Provided data »
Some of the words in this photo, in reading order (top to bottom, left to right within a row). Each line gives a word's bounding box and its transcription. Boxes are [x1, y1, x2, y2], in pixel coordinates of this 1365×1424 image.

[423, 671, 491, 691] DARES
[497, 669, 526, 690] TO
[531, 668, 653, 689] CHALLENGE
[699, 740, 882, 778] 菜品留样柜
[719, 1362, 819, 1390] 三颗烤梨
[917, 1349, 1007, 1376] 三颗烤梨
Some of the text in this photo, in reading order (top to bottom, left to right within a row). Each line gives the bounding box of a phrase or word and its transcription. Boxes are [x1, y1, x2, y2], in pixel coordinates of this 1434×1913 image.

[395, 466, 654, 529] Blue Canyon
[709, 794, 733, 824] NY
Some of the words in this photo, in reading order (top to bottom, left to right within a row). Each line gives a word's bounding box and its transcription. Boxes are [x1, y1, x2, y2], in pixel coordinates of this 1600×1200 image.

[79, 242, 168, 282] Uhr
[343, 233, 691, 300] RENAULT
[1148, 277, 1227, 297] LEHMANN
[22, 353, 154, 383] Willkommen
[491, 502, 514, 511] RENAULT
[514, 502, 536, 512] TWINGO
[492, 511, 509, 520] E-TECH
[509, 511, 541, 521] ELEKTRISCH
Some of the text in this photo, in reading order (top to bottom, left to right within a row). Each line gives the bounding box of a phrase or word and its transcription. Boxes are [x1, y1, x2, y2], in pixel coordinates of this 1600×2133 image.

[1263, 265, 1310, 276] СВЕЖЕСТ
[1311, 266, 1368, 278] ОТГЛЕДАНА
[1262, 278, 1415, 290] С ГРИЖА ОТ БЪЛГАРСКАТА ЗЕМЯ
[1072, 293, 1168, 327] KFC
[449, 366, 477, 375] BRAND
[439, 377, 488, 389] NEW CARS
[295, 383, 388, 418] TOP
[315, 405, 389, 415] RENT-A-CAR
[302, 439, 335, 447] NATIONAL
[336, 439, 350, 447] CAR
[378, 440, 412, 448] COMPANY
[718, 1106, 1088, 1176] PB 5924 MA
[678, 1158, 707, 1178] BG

Task description » Lines from the one containing "this 1600×1200 image." through the final line of the entries above are to be output exactly; omit all others.

Response to the exercise »
Some of the words in this photo, in reading order (top to bottom, left to right within a row). Each line gives a word's bounding box and its transcription. Boxes are [x1, y1, x2, y2], in pixel coordinates of this 1600×1200 image.

[79, 242, 168, 282] Uhr
[343, 233, 691, 300] RENAULT
[1148, 277, 1227, 297] LEHMANN
[22, 353, 154, 383] Willkommen
[491, 502, 514, 511] RENAULT
[514, 502, 536, 512] TWINGO
[492, 511, 509, 520] E-TECH
[509, 511, 541, 521] ELEKTRISCH
Some of the text in this photo, in reading order (top to bottom, left to right within a row). Each line gives the bounding box of a phrase or word and its transcription. Boxes are [x1, y1, x2, y2], in pixel coordinates of this 1600×2133 image.

[1263, 265, 1310, 276] СВЕЖЕСТ
[1311, 266, 1368, 278] ОТГЛЕДАНА
[1262, 278, 1415, 290] С ГРИЖА ОТ БЪЛГАРСКАТА ЗЕМЯ
[1072, 293, 1168, 327] KFC
[449, 366, 477, 375] BRAND
[439, 377, 488, 389] NEW CARS
[295, 383, 388, 418] TOP
[315, 405, 389, 415] RENT-A-CAR
[302, 439, 335, 447] NATIONAL
[336, 439, 350, 447] CAR
[378, 440, 412, 448] COMPANY
[718, 1106, 1088, 1176] PB 5924 MA
[678, 1158, 707, 1178] BG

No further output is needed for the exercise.